Au vu de l’ensemble des considérations qui précèdent, il convient de constater que, en omettant d’inclure les cellules reproductrices et les tissus fœtaux et embryonnaires dans le domaine d’application des dispositions de droit national transposant les directives en cause, la République de Pologne a manqué aux obligations qui lui incombent en vertu de l’article 31 de la directive 2004/23, des articles 3, sous b), 4, paragraphe 2, et 7 de la directive 2006/17, de l’annexe III de cette dernière directive ainsi que de l’article 11 de la directive 2006/86.

Sur les dépens

52

Aux termes de l’article 138, paragraphe 1, du règlement de procédure de la Cour, toute partie qui succombe est condamnée aux dépens, s’il est conclu en ce sens.
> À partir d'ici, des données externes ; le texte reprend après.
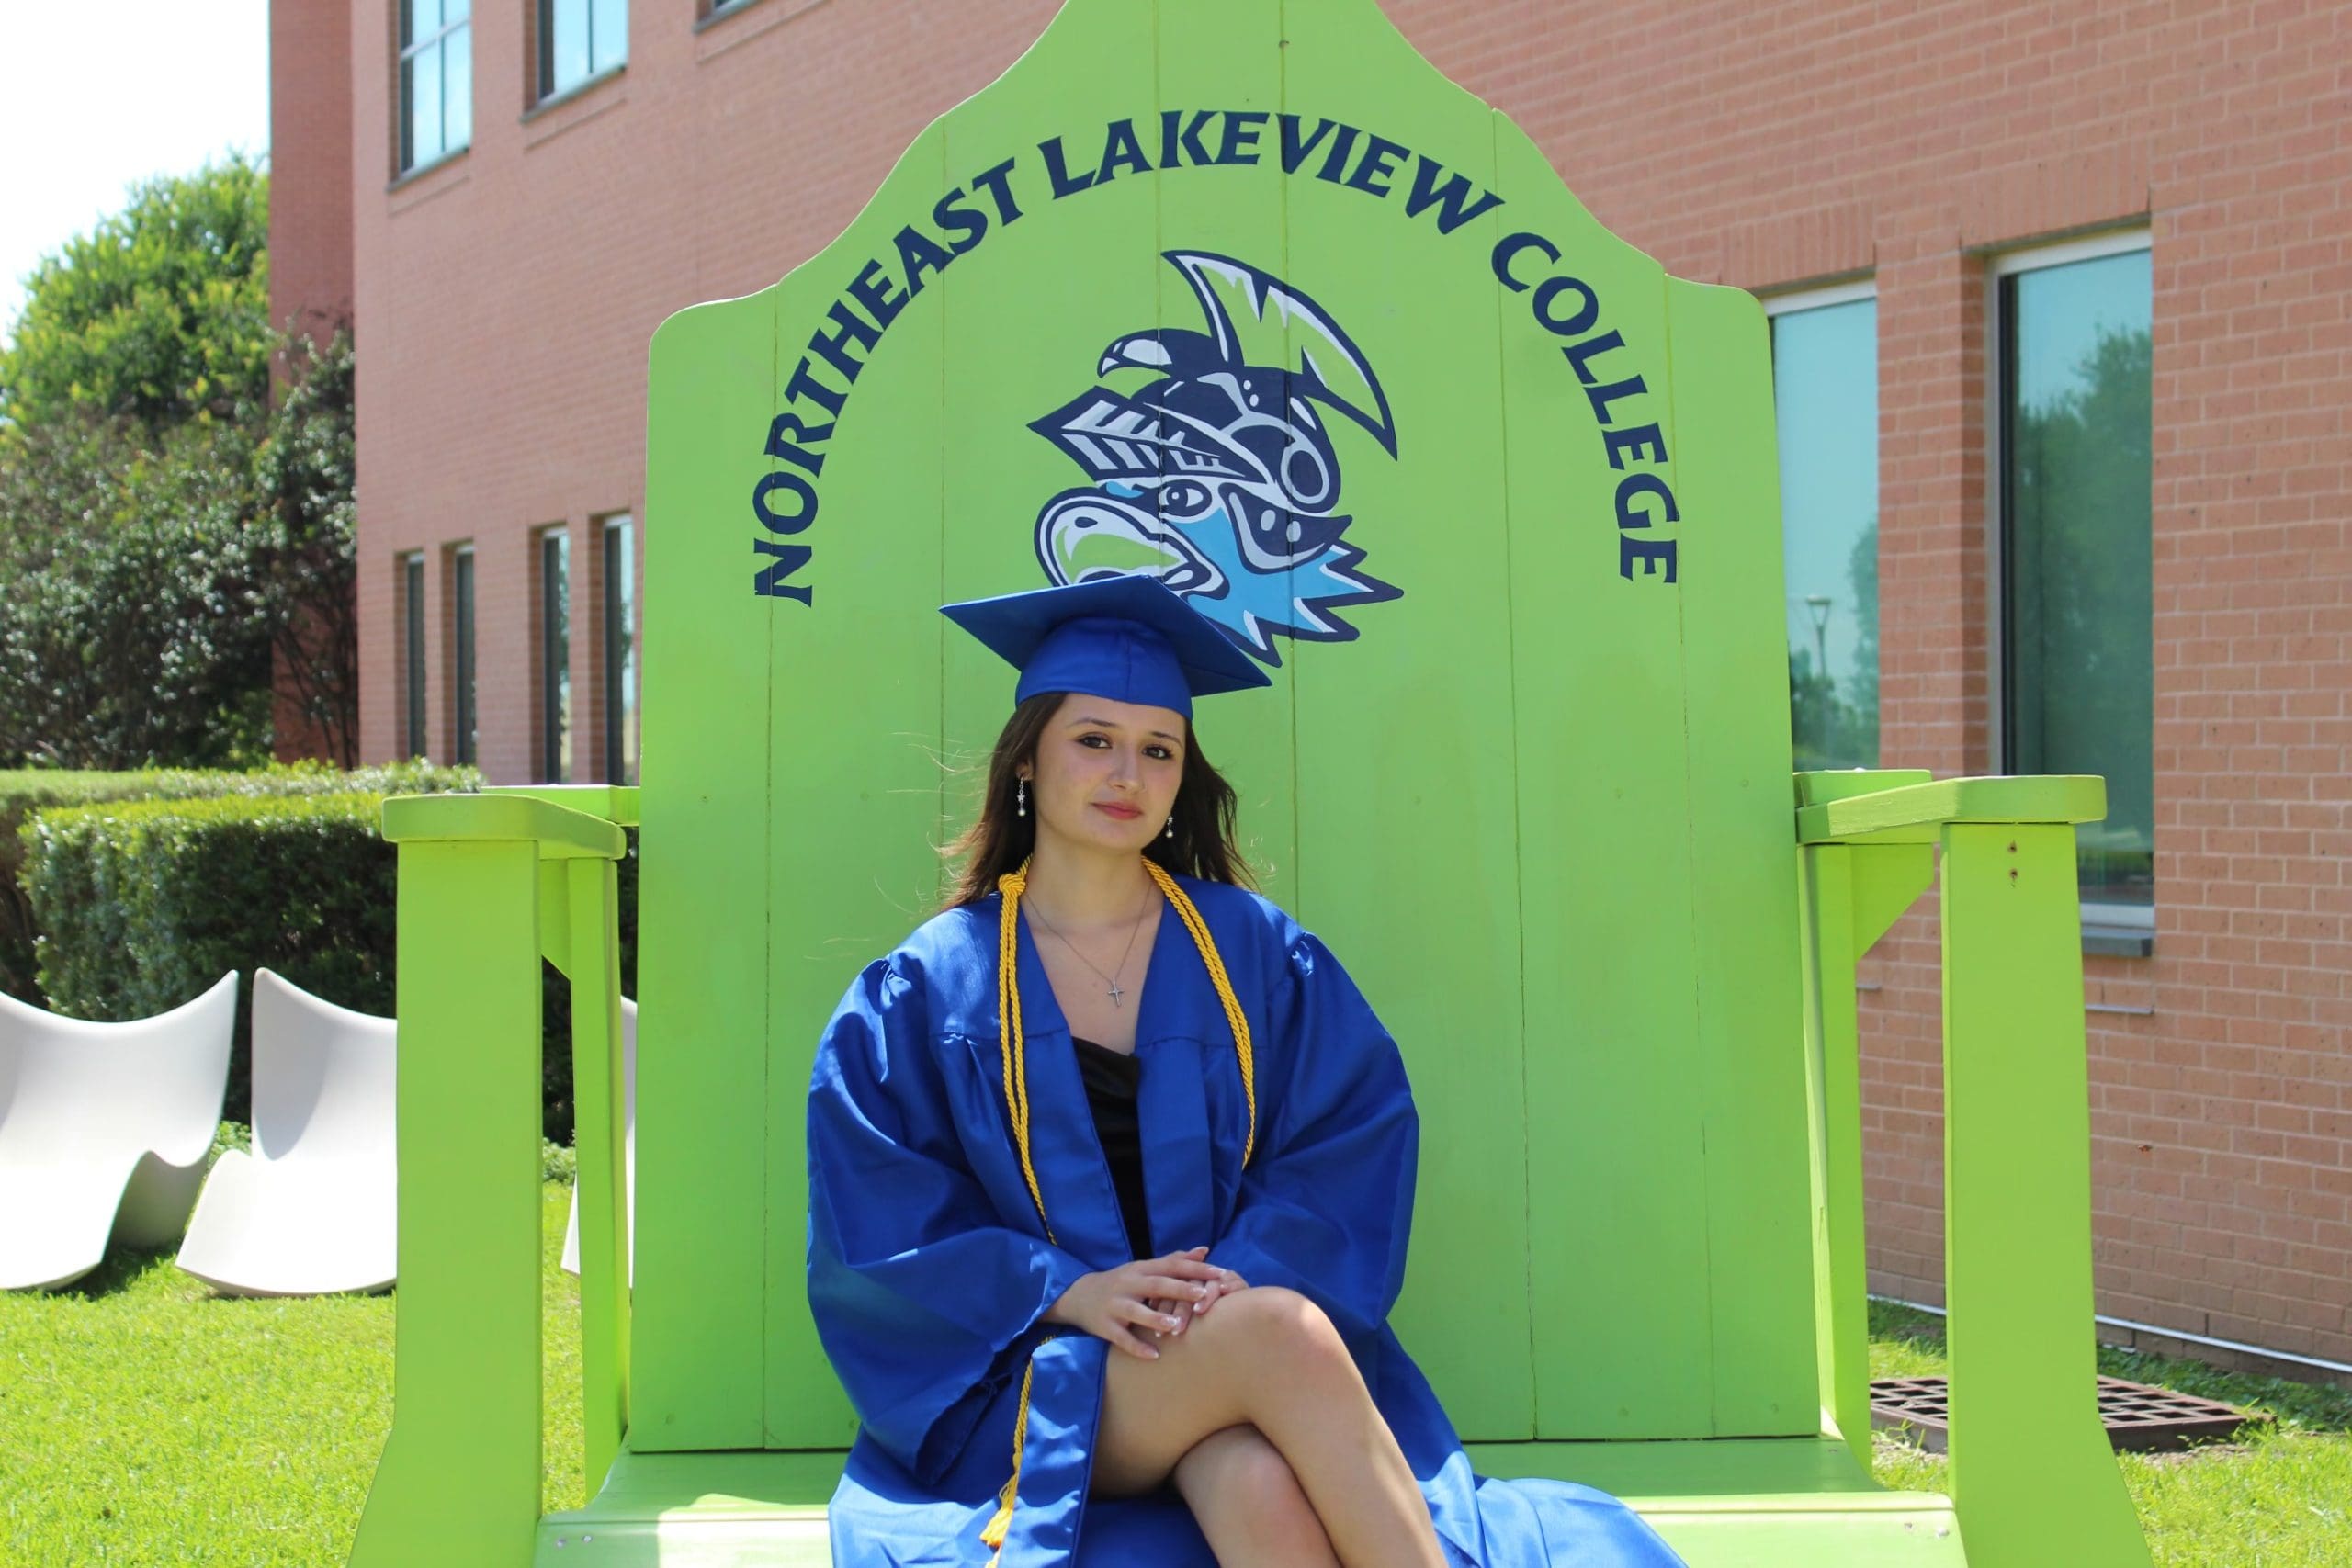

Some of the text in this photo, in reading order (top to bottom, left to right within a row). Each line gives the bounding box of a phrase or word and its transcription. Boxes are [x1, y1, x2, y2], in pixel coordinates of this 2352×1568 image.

La Commission ayant conclu à la condamnation de la République de Pologne et cette dernière ayant succombé en ses moyens, il y a lieu de la condamner aux dépens.

 

Par ces motifs, la Cour (troisième chambre) déclare et arrête:

 

1)

En omettant d’inclure les cellules reproductrices et les tissus fœtaux et embryonnaires dans le domaine d’application des dispositions de droit national transposant la directive 2004/23/CE du Parlement européen et du Conseil, du 31 mars 2004, relative à l’établissement de normes de qualité et de sécurité pour le don, l’obtention, le contrôle, la transformation, la conservation, le stockage et la distribution des tissus et cellules humains, la directive 2006/17/CE de la Commission, du 8 février 2006, portant application de la directive 2004/23/CE du Parlement européen et du Conseil concernant certaines exigences techniques relatives au don, à l’obtention et au contrôle de tissus et de cellules d’origine humaine, et la directive 2006/86/CE de la Commission, du 24 octobre 2006, portant application de la directive 2004/23/CE du Parlement européen et du Conseil en ce qui concerne les exigences de traçabilité, la notification des réactions et incidents indésirables graves, ainsi que certaines exigences techniques relatives à la codification, à la transformation, à la conservation, au stockage et à la distribution des tissus et cellules d’origine humaine, la République de Pologne a manqué aux obligations qui lui incombent en vertu de l’article 31 de la directive 2004/23, des articles 3, sous b), 4, paragraphe 2, et 7 de la directive 2006/17, de l’annexe III de cette dernière directive ainsi que de l’article 11 de la directive 2006/86.

 

2)

La République de Pologne est condamnée aux dépens.

 

Signatures


( *1 )   Langue de procédure: le polonais.